What changed across the tier system was not the bones of the cell but what an inmate was permitted to put into it and how much of it was his alone. At Level One the cell was double-occupancy, the hard small space shared with another body, and it held nothing personal. By Level Two it was a single cell that could hold certificates earned in the program. By Level Three the walls could carry two pictures, the first visual markers of a self. By Level Four an inmate had a locked drawer, a floor mat, and control of his own wall light—small accumulations of possession and autonomy that, measured against seventeen years in a stripped cell where nothing was permitted, represented a different relationship between a person and the room that held him. For Ben Keller, the ACLU settlement layered specific modifications onto that progression: reduced fluorescent exposure, access to sensory regulation objects, and a clinical reassessment of what counted as a safe object for someone whose destructiveness had been driven by boredom and unaccommodated neurology rather than predatory intent.
Treatment Spaces¶
Patuxent’s treatment programming occurred in dedicated spaces designed for therapeutic use—a fundamental departure from North Branch, where the interview room used for Ben’s psychological evaluations was a security-first space with fixed furniture and fluorescent lighting indistinguishable from any other room in the building.

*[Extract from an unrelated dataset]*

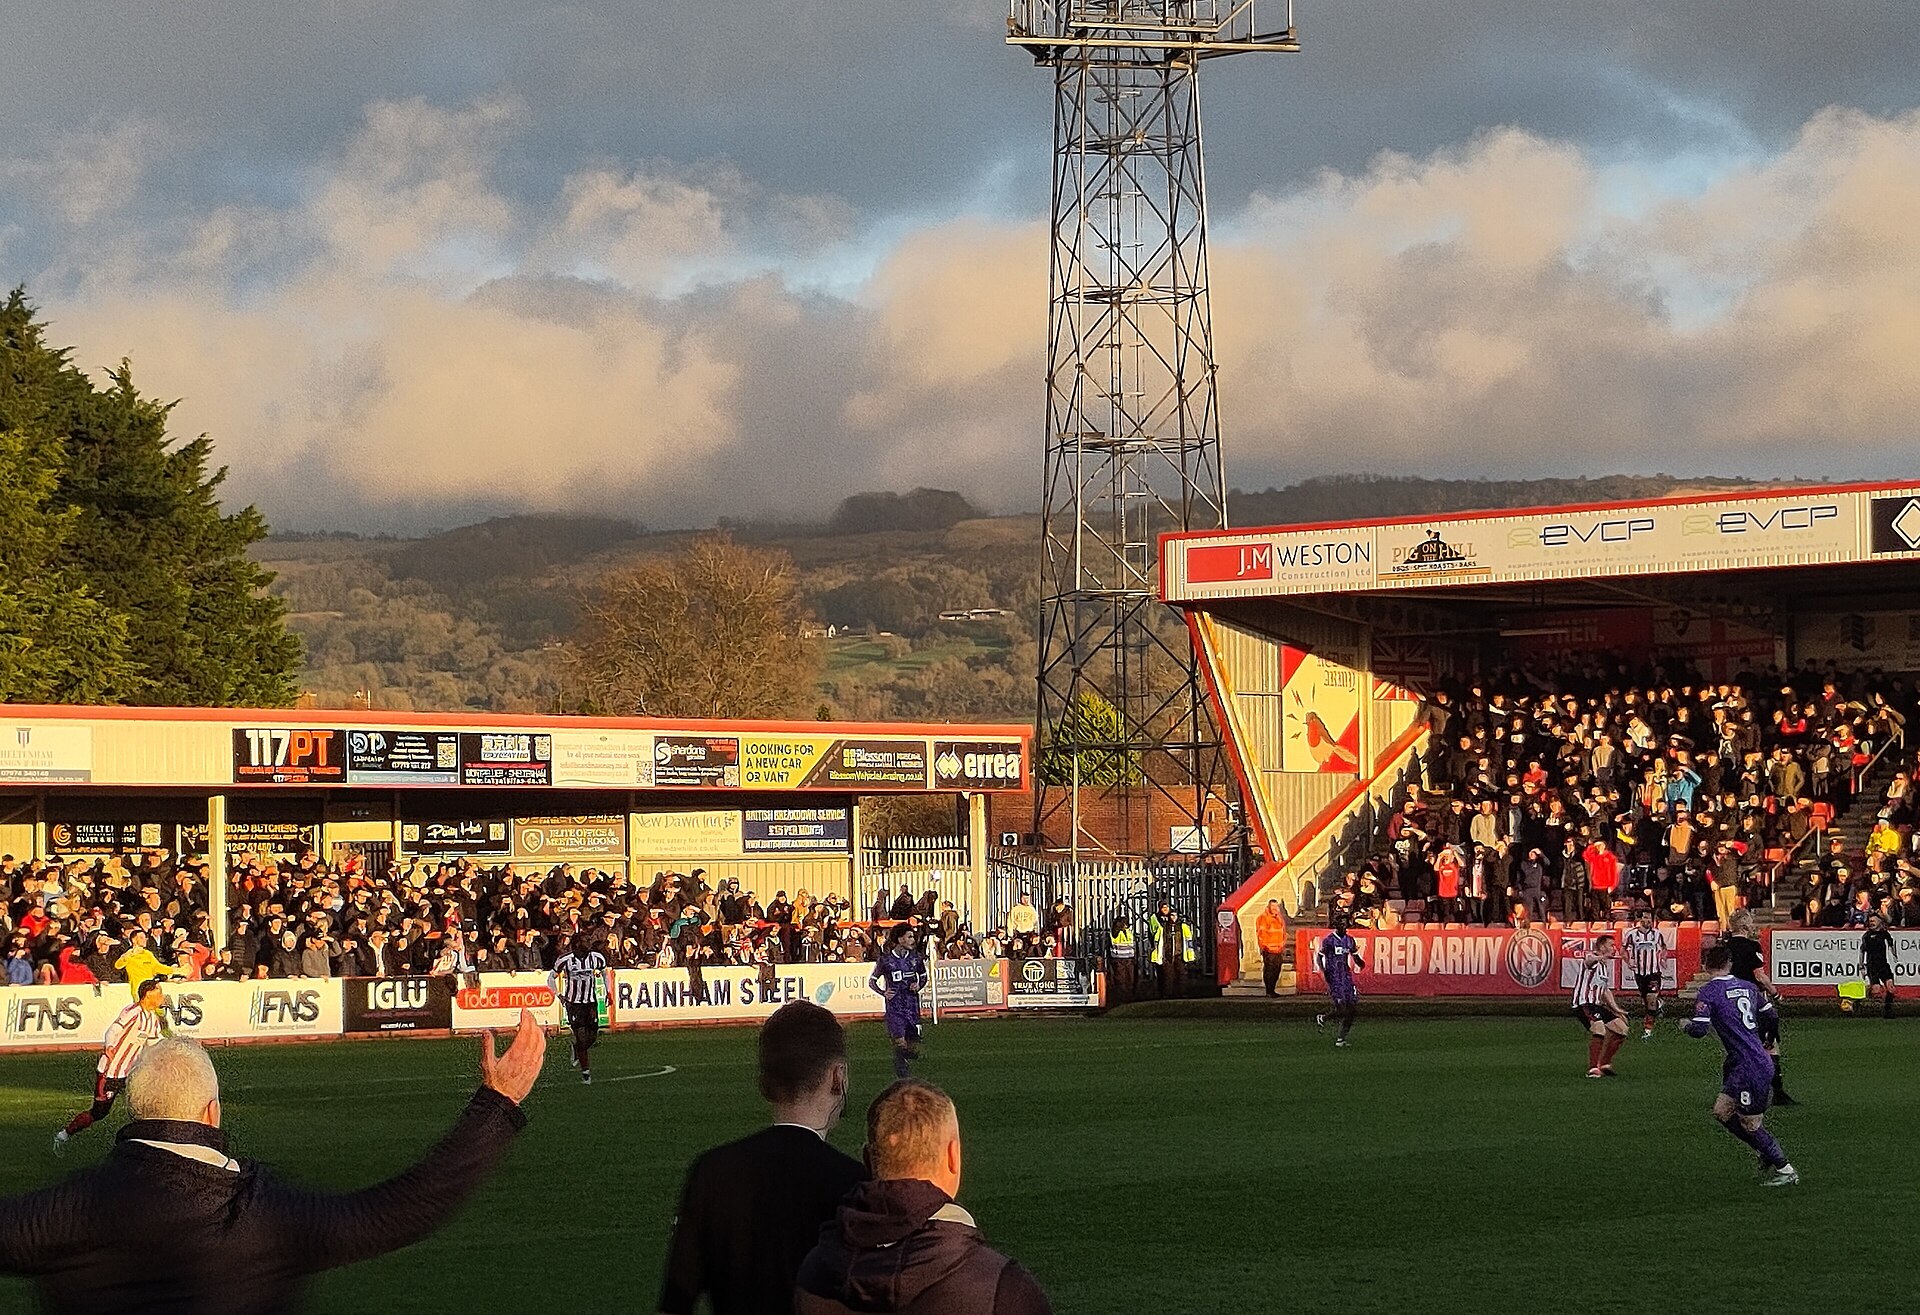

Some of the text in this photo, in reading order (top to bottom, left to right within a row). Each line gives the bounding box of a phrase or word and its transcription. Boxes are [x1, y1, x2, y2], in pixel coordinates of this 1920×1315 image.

The treatment manual described ten classrooms, a large library with access to any public or academic library in Maryland through interlibrary loan, offices for clinical staff, and an auditorium. The academic program ran September through July with a maximum of fifteen students per class and eight certified instructors including a librarian. Vocational training shops—automobile mechanics, welding, sheet metal, drafting, plumbing, residential housewiring, carpentry, house construction technology, barber science, and culinary arts—occupied their own industrial spaces within the facility, accessible to third and fourth level inmates.
Group therapy occurred in two formats that shaped the physical experience of treatment differently. Formal (closed) group sessions ran ninety minutes weekly with the same seven to ten inmates and their therapist—a small, consistent group that met in a dedicated therapy room. Informal (open) tier counseling sessions ran one hour weekly on the tier itself, with all thirty-four inmates on the tier and all six unit staff members arranged in a large circle in the dayroom, or sometimes broken into smaller groups around individual staff members. The tier counseling format meant that therapy happened in the living space—the dayroom where inmates watched television and played cards was also the room where they sat in a circle and confronted each other’s patterns. Treatment and daily life occupied the same physical space, which was the point.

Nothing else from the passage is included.